Task item »
The full listing below must be printed exactly, word for word.

Provided material »
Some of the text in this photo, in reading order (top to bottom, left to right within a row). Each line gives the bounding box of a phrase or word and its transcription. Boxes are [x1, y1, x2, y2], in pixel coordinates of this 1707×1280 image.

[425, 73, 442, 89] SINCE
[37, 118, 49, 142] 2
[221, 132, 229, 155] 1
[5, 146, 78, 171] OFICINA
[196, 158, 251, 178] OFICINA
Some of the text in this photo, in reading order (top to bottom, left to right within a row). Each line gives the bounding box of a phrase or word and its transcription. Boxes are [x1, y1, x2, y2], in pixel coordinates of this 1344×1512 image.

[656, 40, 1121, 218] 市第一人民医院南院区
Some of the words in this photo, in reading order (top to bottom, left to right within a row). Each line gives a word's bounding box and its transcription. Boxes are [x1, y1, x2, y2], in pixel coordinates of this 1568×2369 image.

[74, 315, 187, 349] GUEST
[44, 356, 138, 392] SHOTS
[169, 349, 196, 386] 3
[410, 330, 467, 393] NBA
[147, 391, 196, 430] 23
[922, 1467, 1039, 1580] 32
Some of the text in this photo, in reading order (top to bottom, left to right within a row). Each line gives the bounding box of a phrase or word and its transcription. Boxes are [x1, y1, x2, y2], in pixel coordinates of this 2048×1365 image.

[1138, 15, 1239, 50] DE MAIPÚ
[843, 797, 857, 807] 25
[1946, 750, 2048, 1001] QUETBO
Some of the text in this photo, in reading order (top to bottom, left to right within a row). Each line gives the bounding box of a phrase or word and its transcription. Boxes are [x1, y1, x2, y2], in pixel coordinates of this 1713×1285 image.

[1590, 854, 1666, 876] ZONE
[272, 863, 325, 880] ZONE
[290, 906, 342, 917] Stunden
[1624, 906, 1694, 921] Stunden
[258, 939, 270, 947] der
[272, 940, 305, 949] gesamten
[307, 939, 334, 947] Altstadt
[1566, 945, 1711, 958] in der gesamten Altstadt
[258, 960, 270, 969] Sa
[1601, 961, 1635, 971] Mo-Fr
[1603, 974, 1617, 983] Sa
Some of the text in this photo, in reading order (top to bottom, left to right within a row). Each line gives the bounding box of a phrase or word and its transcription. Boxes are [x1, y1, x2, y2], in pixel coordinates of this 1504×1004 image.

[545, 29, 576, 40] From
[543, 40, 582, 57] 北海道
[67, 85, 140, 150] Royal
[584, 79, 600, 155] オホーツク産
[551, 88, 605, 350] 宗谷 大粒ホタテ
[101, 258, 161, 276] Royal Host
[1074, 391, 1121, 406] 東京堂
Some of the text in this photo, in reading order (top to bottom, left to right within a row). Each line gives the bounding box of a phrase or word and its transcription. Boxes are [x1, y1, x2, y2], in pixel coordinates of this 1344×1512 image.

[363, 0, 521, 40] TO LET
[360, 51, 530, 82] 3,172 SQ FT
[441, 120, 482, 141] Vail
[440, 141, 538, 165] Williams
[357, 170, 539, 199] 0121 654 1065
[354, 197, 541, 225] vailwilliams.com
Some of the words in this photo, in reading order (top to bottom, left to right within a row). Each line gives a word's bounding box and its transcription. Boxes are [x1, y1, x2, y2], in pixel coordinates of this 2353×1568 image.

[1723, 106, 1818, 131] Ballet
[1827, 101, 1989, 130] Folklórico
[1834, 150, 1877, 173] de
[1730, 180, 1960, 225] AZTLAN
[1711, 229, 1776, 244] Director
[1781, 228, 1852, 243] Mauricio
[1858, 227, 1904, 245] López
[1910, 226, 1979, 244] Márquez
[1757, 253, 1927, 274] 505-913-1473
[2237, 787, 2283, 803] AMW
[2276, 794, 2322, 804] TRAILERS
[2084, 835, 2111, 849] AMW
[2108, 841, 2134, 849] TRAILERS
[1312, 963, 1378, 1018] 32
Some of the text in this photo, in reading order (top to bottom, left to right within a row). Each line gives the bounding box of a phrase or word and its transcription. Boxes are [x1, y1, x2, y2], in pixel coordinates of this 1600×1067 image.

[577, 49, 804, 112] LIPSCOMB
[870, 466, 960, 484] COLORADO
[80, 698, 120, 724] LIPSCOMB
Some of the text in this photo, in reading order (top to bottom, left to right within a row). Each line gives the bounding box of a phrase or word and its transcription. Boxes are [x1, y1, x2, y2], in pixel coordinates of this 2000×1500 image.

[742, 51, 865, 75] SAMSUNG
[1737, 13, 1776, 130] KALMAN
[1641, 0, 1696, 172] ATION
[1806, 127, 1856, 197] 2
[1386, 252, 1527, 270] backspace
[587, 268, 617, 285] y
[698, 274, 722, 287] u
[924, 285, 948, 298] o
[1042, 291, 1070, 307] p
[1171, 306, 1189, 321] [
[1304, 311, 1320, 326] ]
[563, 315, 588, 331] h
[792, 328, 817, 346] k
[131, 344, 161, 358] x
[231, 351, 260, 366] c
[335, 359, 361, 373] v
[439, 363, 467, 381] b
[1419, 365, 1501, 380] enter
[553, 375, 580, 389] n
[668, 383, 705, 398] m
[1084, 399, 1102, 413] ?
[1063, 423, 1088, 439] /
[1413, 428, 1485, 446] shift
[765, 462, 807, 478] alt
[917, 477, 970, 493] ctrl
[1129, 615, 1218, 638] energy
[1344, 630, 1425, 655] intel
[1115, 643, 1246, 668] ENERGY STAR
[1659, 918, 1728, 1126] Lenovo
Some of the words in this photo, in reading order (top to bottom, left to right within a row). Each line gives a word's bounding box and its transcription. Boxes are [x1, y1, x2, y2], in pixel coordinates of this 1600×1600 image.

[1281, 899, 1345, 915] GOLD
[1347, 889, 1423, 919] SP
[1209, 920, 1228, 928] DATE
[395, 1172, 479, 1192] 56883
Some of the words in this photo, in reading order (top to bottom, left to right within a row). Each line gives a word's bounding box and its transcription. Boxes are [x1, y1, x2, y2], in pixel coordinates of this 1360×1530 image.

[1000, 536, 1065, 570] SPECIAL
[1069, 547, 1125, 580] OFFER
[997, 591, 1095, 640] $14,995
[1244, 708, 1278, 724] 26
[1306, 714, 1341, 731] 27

Answer area »
Some of the text in this photo, in reading order (top to bottom, left to right within a row). Each line gives the bounding box of a phrase or word and its transcription. Boxes are [x1, y1, x2, y2], in pixel coordinates of this 1707×1280 image.

[425, 73, 442, 89] SINCE
[37, 118, 49, 142] 2
[221, 132, 229, 155] 1
[5, 146, 78, 171] OFICINA
[196, 158, 251, 178] OFICINA
Some of the text in this photo, in reading order (top to bottom, left to right within a row). Each line gives the bounding box of a phrase or word and its transcription. Boxes are [x1, y1, x2, y2], in pixel coordinates of this 1344×1512 image.

[656, 40, 1121, 218] 市第一人民医院南院区
Some of the words in this photo, in reading order (top to bottom, left to right within a row). Each line gives a word's bounding box and its transcription. Boxes are [x1, y1, x2, y2], in pixel coordinates of this 1568×2369 image.

[74, 315, 187, 349] GUEST
[44, 356, 138, 392] SHOTS
[169, 349, 196, 386] 3
[410, 330, 467, 393] NBA
[147, 391, 196, 430] 23
[922, 1467, 1039, 1580] 32
Some of the text in this photo, in reading order (top to bottom, left to right within a row). Each line gives the bounding box of a phrase or word and its transcription. Boxes are [x1, y1, x2, y2], in pixel coordinates of this 2048×1365 image.

[1138, 15, 1239, 50] DE MAIPÚ
[843, 797, 857, 807] 25
[1946, 750, 2048, 1001] QUETBO
Some of the text in this photo, in reading order (top to bottom, left to right within a row). Each line gives the bounding box of a phrase or word and its transcription. Boxes are [x1, y1, x2, y2], in pixel coordinates of this 1713×1285 image.

[1590, 854, 1666, 876] ZONE
[272, 863, 325, 880] ZONE
[290, 906, 342, 917] Stunden
[1624, 906, 1694, 921] Stunden
[258, 939, 270, 947] der
[272, 940, 305, 949] gesamten
[307, 939, 334, 947] Altstadt
[1566, 945, 1711, 958] in der gesamten Altstadt
[258, 960, 270, 969] Sa
[1601, 961, 1635, 971] Mo-Fr
[1603, 974, 1617, 983] Sa
Some of the text in this photo, in reading order (top to bottom, left to right within a row). Each line gives the bounding box of a phrase or word and its transcription. Boxes are [x1, y1, x2, y2], in pixel coordinates of this 1504×1004 image.

[545, 29, 576, 40] From
[543, 40, 582, 57] 北海道
[67, 85, 140, 150] Royal
[584, 79, 600, 155] オホーツク産
[551, 88, 605, 350] 宗谷 大粒ホタテ
[101, 258, 161, 276] Royal Host
[1074, 391, 1121, 406] 東京堂
Some of the text in this photo, in reading order (top to bottom, left to right within a row). Each line gives the bounding box of a phrase or word and its transcription. Boxes are [x1, y1, x2, y2], in pixel coordinates of this 1344×1512 image.

[363, 0, 521, 40] TO LET
[360, 51, 530, 82] 3,172 SQ FT
[441, 120, 482, 141] Vail
[440, 141, 538, 165] Williams
[357, 170, 539, 199] 0121 654 1065
[354, 197, 541, 225] vailwilliams.com
Some of the words in this photo, in reading order (top to bottom, left to right within a row). Each line gives a word's bounding box and its transcription. Boxes are [x1, y1, x2, y2], in pixel coordinates of this 2353×1568 image.

[1723, 106, 1818, 131] Ballet
[1827, 101, 1989, 130] Folklórico
[1834, 150, 1877, 173] de
[1730, 180, 1960, 225] AZTLAN
[1711, 229, 1776, 244] Director
[1781, 228, 1852, 243] Mauricio
[1858, 227, 1904, 245] López
[1910, 226, 1979, 244] Márquez
[1757, 253, 1927, 274] 505-913-1473
[2237, 787, 2283, 803] AMW
[2276, 794, 2322, 804] TRAILERS
[2084, 835, 2111, 849] AMW
[2108, 841, 2134, 849] TRAILERS
[1312, 963, 1378, 1018] 32
Some of the text in this photo, in reading order (top to bottom, left to right within a row). Each line gives the bounding box of a phrase or word and its transcription. Boxes are [x1, y1, x2, y2], in pixel coordinates of this 1600×1067 image.

[577, 49, 804, 112] LIPSCOMB
[870, 466, 960, 484] COLORADO
[80, 698, 120, 724] LIPSCOMB
Some of the text in this photo, in reading order (top to bottom, left to right within a row). Each line gives the bounding box of a phrase or word and its transcription. Boxes are [x1, y1, x2, y2], in pixel coordinates of this 2000×1500 image.

[742, 51, 865, 75] SAMSUNG
[1737, 13, 1776, 130] KALMAN
[1641, 0, 1696, 172] ATION
[1806, 127, 1856, 197] 2
[1386, 252, 1527, 270] backspace
[587, 268, 617, 285] y
[698, 274, 722, 287] u
[924, 285, 948, 298] o
[1042, 291, 1070, 307] p
[1171, 306, 1189, 321] [
[1304, 311, 1320, 326] ]
[563, 315, 588, 331] h
[792, 328, 817, 346] k
[131, 344, 161, 358] x
[231, 351, 260, 366] c
[335, 359, 361, 373] v
[439, 363, 467, 381] b
[1419, 365, 1501, 380] enter
[553, 375, 580, 389] n
[668, 383, 705, 398] m
[1084, 399, 1102, 413] ?
[1063, 423, 1088, 439] /
[1413, 428, 1485, 446] shift
[765, 462, 807, 478] alt
[917, 477, 970, 493] ctrl
[1129, 615, 1218, 638] energy
[1344, 630, 1425, 655] intel
[1115, 643, 1246, 668] ENERGY STAR
[1659, 918, 1728, 1126] Lenovo
Some of the words in this photo, in reading order (top to bottom, left to right within a row). Each line gives a word's bounding box and its transcription. Boxes are [x1, y1, x2, y2], in pixel coordinates of this 1600×1600 image.

[1281, 899, 1345, 915] GOLD
[1347, 889, 1423, 919] SP
[1209, 920, 1228, 928] DATE
[395, 1172, 479, 1192] 56883
Some of the words in this photo, in reading order (top to bottom, left to right within a row). Each line gives a word's bounding box and its transcription. Boxes are [x1, y1, x2, y2], in pixel coordinates of this 1360×1530 image.

[1000, 536, 1065, 570] SPECIAL
[1069, 547, 1125, 580] OFFER
[997, 591, 1095, 640] $14,995
[1244, 708, 1278, 724] 26
[1306, 714, 1341, 731] 27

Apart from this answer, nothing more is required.